═════ RECORDS ═════

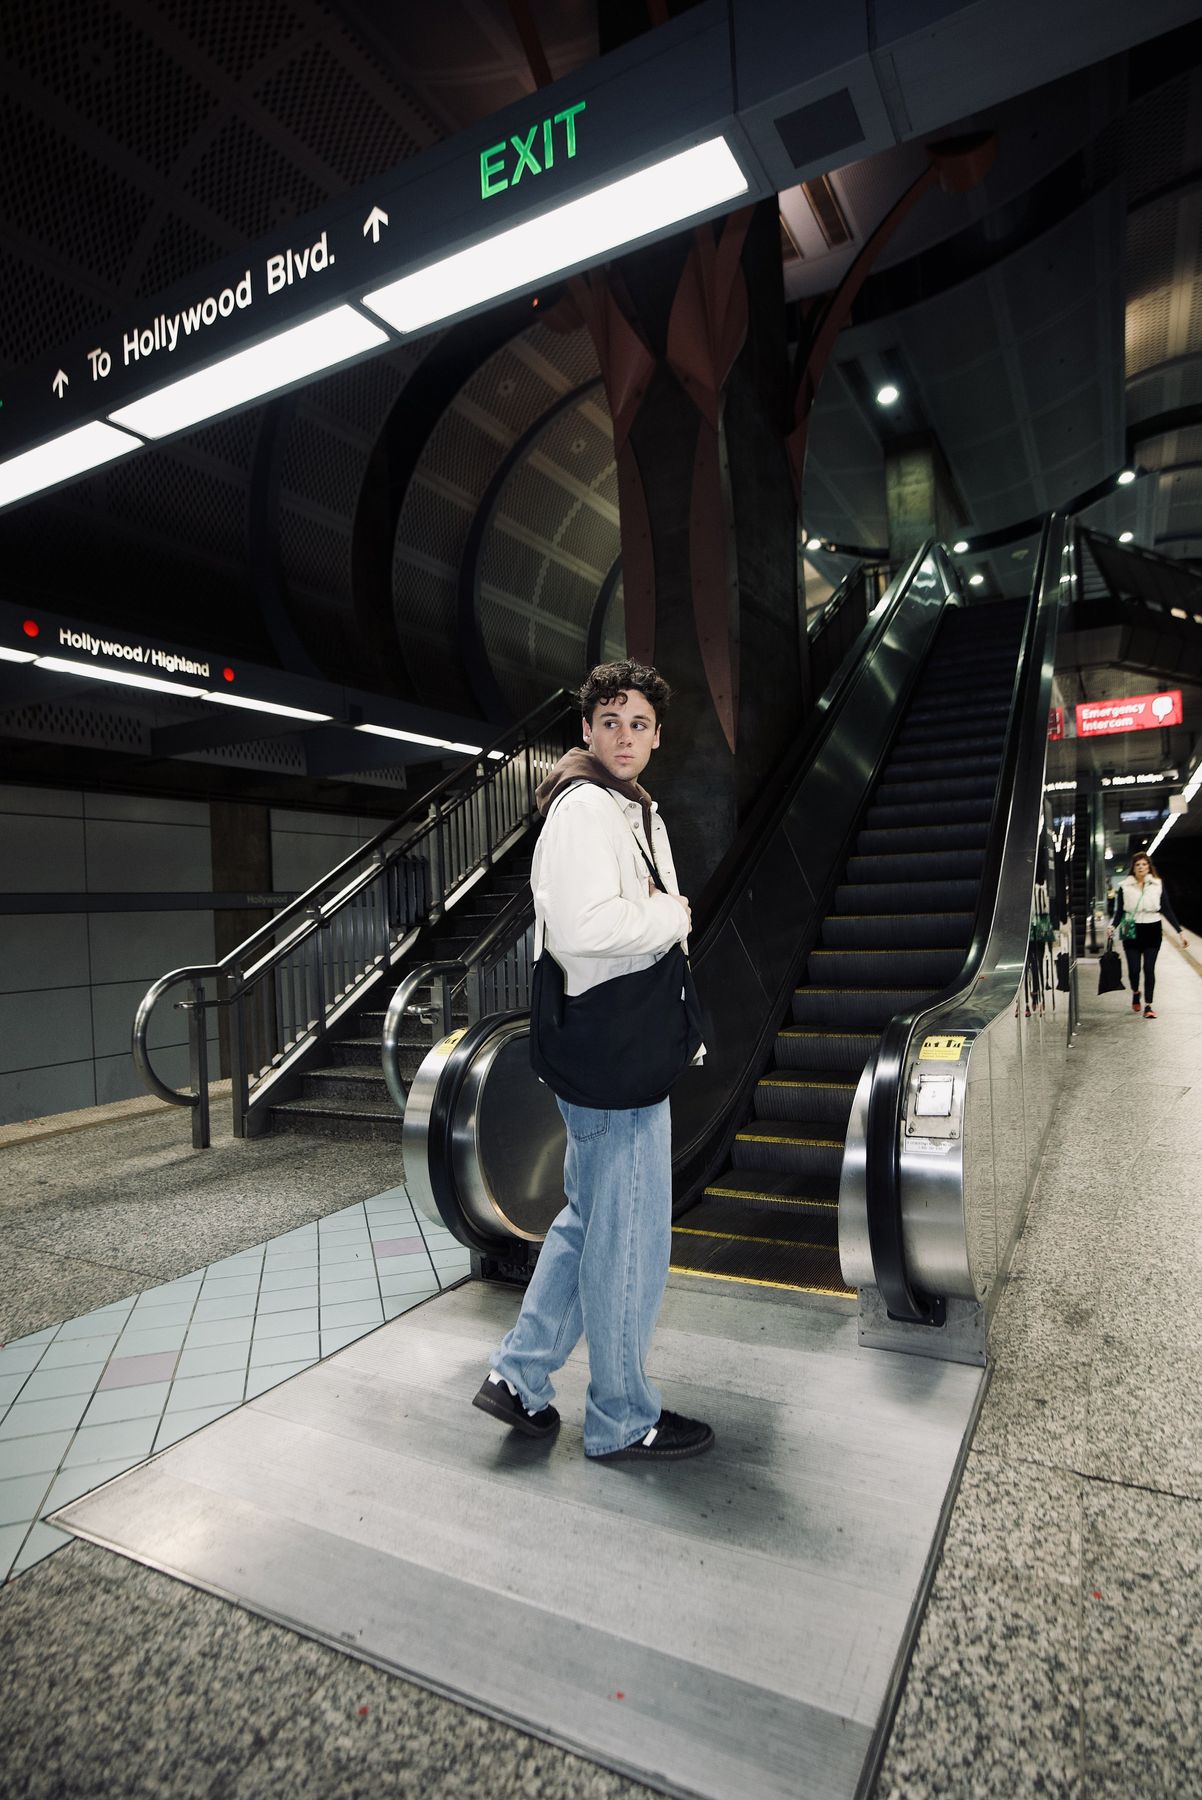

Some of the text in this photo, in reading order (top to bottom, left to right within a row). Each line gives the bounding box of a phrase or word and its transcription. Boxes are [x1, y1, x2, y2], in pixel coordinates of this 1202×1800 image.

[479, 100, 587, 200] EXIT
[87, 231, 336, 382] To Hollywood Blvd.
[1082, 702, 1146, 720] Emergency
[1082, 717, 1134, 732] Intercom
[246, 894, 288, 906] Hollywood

═════

▶ YOUR GOAL
Output each record above word for word, leaving out images.

▶ ANSWER TO THE EXERCISE
Some of the text in this photo, in reading order (top to bottom, left to right within a row). Each line gives the bounding box of a phrase or word and its transcription. Boxes are [x1, y1, x2, y2], in pixel coordinates of this 1202×1800 image.

[479, 100, 587, 200] EXIT
[87, 231, 336, 382] To Hollywood Blvd.
[1082, 702, 1146, 720] Emergency
[1082, 717, 1134, 732] Intercom
[246, 894, 288, 906] Hollywood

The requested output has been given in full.